● **Required action**
Only the pictures stay out; every record is to be quoted exactly.

● **Given data**
■ ■ ■ ■ ■

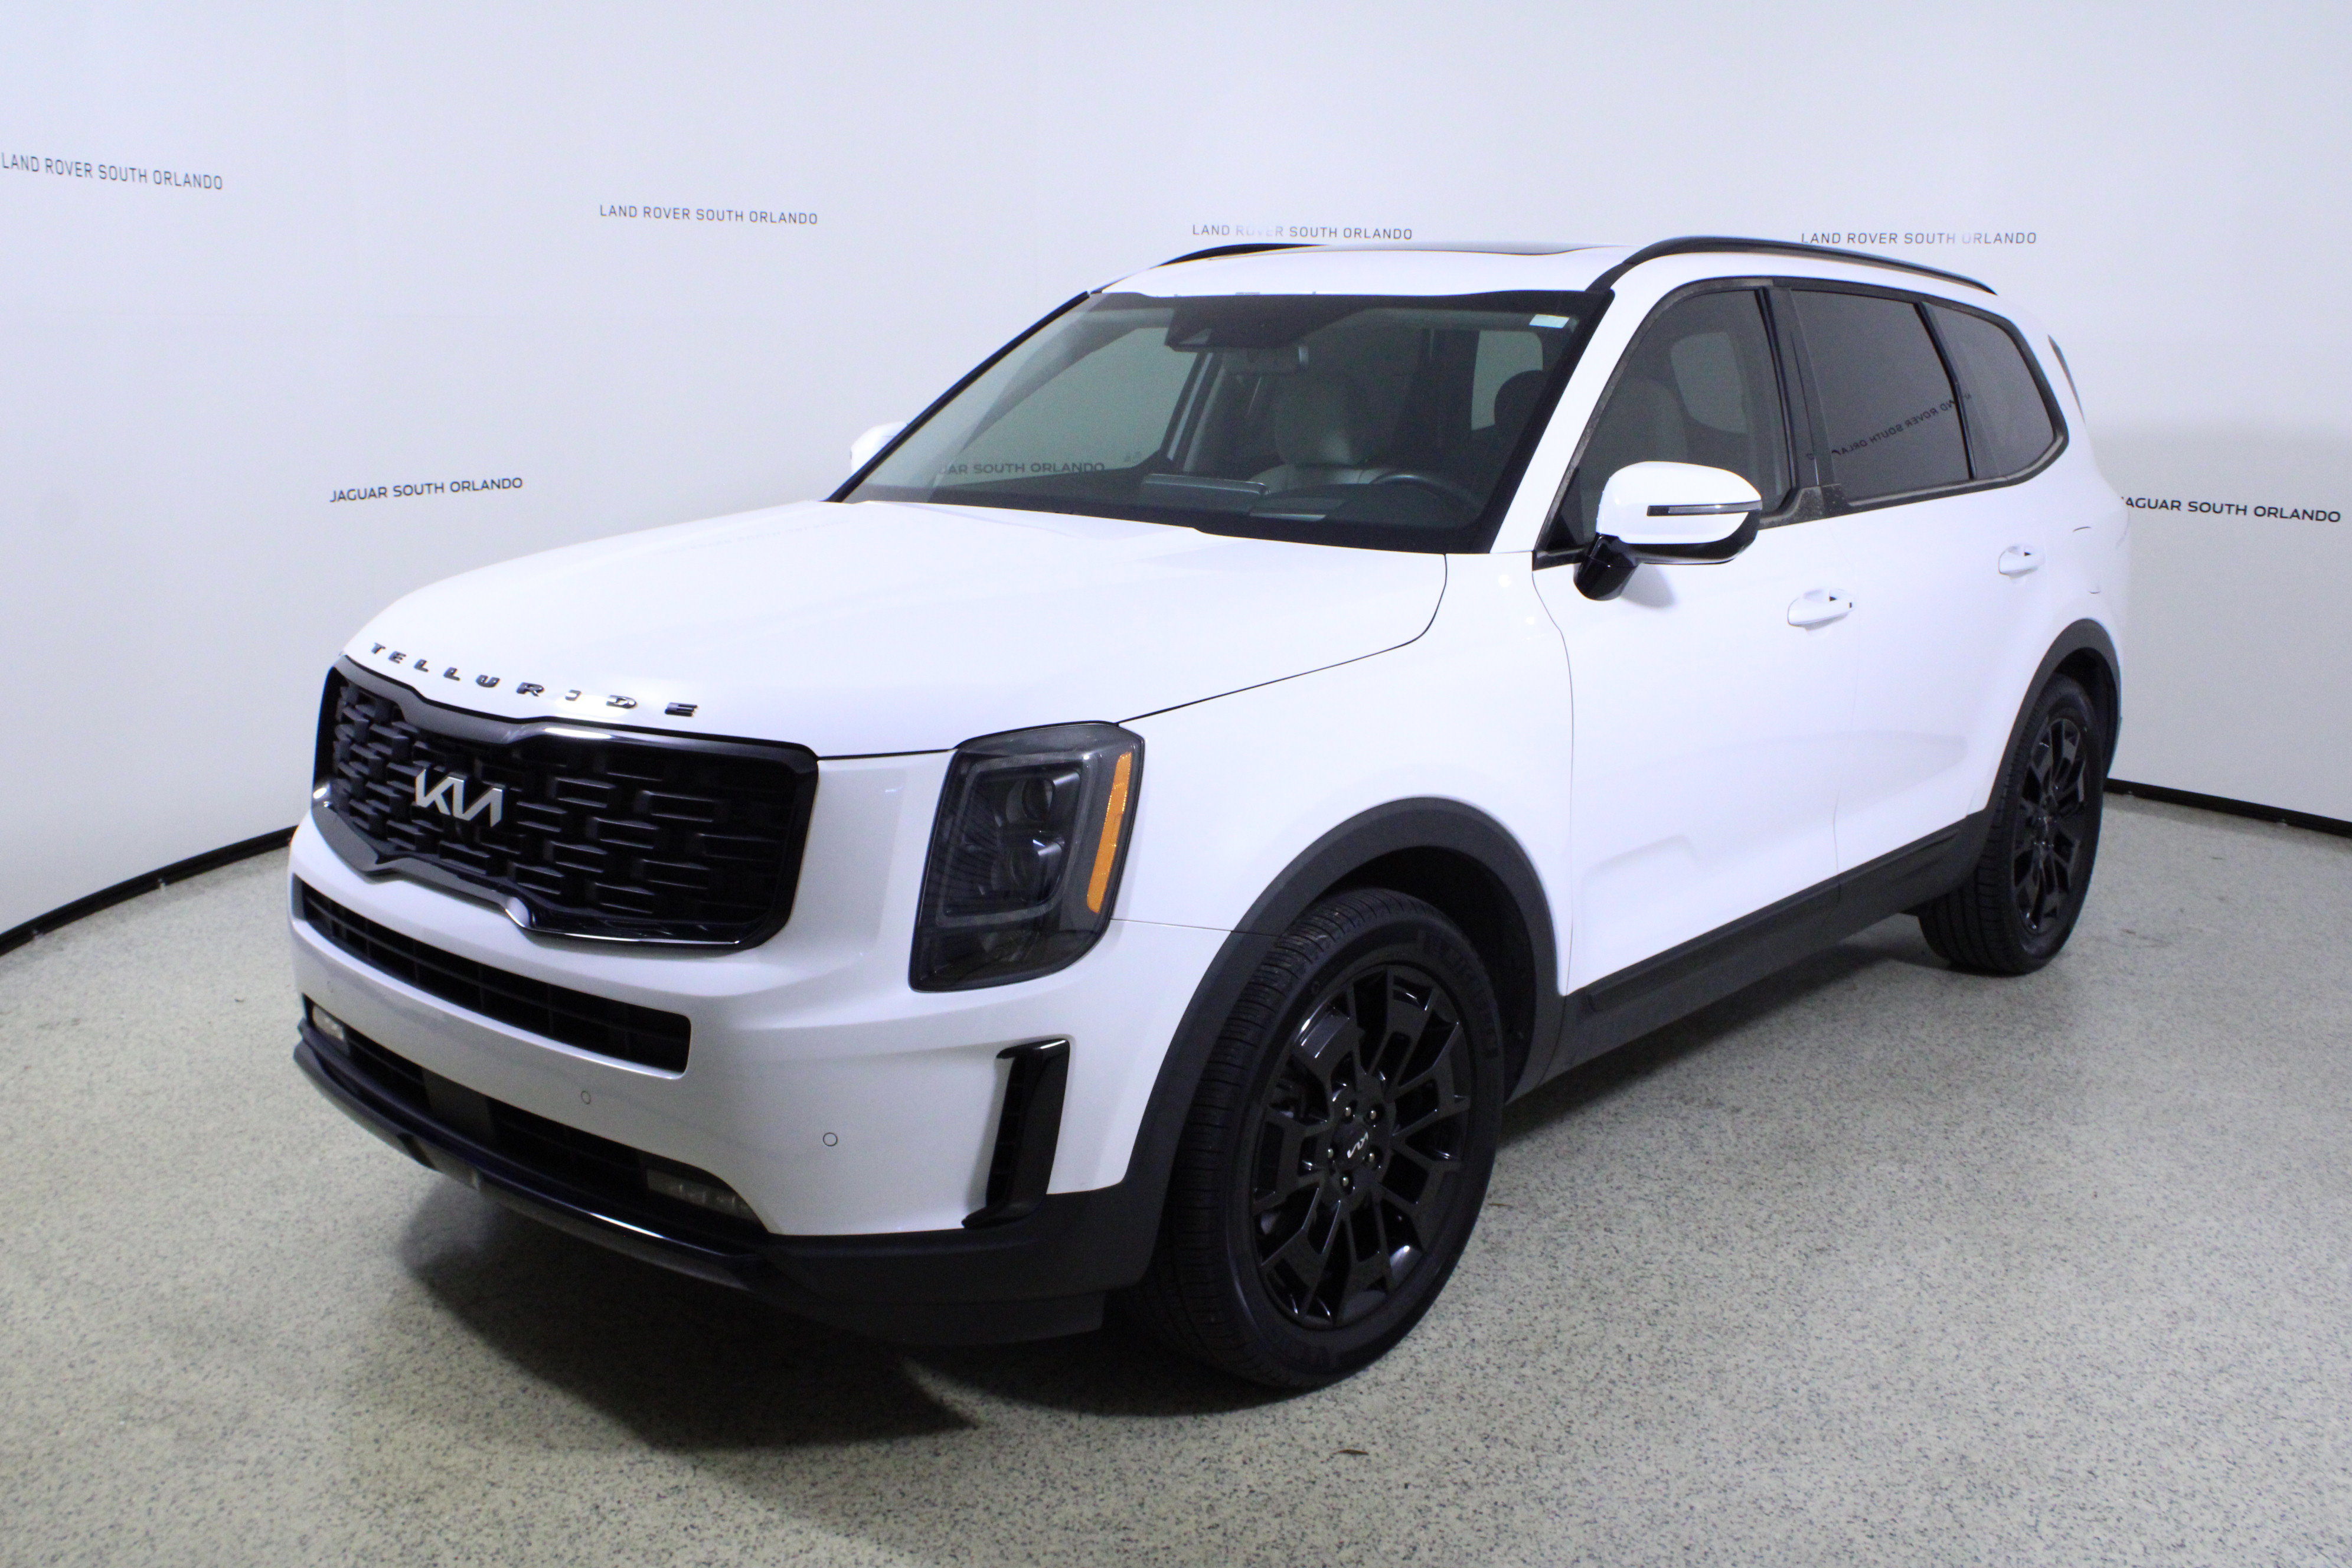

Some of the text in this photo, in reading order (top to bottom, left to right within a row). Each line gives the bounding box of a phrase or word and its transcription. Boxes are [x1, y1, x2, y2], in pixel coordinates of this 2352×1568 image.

[2, 152, 223, 190] LAND ROVER SOUTH ORLANDO
[599, 204, 818, 225] LAND ROVER SOUTH ORLANDO
[1192, 224, 1230, 236] LAND
[1289, 226, 1338, 238] SOUTH
[1343, 227, 1413, 240] ORLANDO
[1801, 233, 1841, 244] LAND
[1847, 232, 1898, 244] ROVER
[1904, 232, 1956, 244] SOUTH
[973, 462, 1025, 473] SOUTH
[1030, 462, 1105, 473] ORLANDO
[329, 477, 524, 502] JAGUAR SOUTH ORLANDO
[2121, 496, 2342, 522] AGUAR SOUTH ORLANDO
[371, 642, 698, 716] TELLURIDE
[414, 768, 503, 827] KIA

■ ■ ■ ■ ■

● **Reply**
Some of the text in this photo, in reading order (top to bottom, left to right within a row). Each line gives the bounding box of a phrase or word and its transcription. Boxes are [x1, y1, x2, y2], in pixel coordinates of this 2352×1568 image.

[2, 152, 223, 190] LAND ROVER SOUTH ORLANDO
[599, 204, 818, 225] LAND ROVER SOUTH ORLANDO
[1192, 224, 1230, 236] LAND
[1289, 226, 1338, 238] SOUTH
[1343, 227, 1413, 240] ORLANDO
[1801, 233, 1841, 244] LAND
[1847, 232, 1898, 244] ROVER
[1904, 232, 1956, 244] SOUTH
[973, 462, 1025, 473] SOUTH
[1030, 462, 1105, 473] ORLANDO
[329, 477, 524, 502] JAGUAR SOUTH ORLANDO
[2121, 496, 2342, 522] AGUAR SOUTH ORLANDO
[371, 642, 698, 716] TELLURIDE
[414, 768, 503, 827] KIA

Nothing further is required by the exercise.